==== Entries provided ====

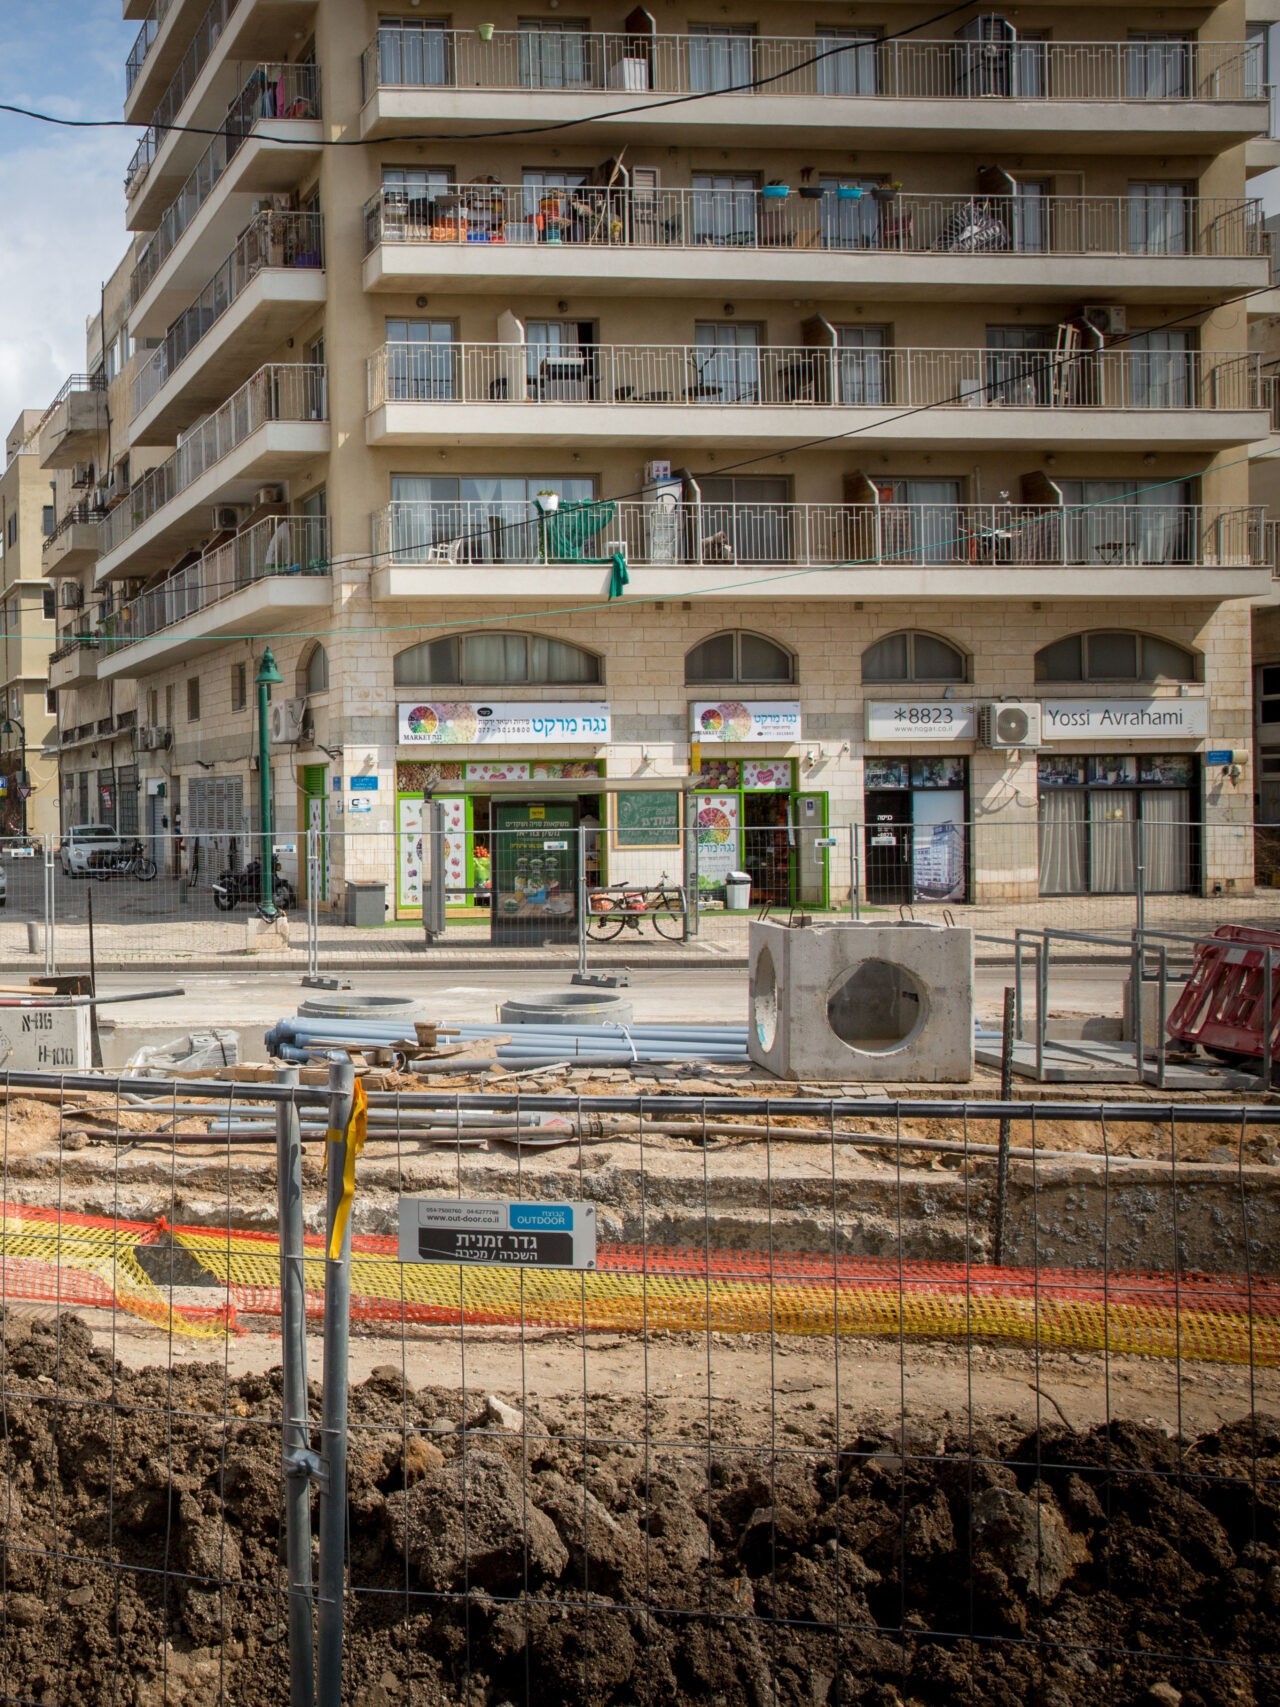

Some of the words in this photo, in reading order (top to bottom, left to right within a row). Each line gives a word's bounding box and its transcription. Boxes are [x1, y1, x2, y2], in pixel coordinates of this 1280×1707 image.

[1048, 709, 1090, 726] Yossi
[1100, 708, 1183, 726] Avrahami
[426, 1214, 500, 1223] www.out-door.co.il
[517, 1216, 566, 1225] OUTDOOR
[456, 1233, 503, 1248] זמנית
[508, 1235, 538, 1249] גדר
[499, 1250, 538, 1260] השכרה

====

Problem → Repeat the records above word for word, apart from the pictures.

Exercise result →
Some of the words in this photo, in reading order (top to bottom, left to right within a row). Each line gives a word's bounding box and its transcription. Boxes are [x1, y1, x2, y2], in pixel coordinates of this 1280×1707 image.

[1048, 709, 1090, 726] Yossi
[1100, 708, 1183, 726] Avrahami
[426, 1214, 500, 1223] www.out-door.co.il
[517, 1216, 566, 1225] OUTDOOR
[456, 1233, 503, 1248] זמנית
[508, 1235, 538, 1249] גדר
[499, 1250, 538, 1260] השכרה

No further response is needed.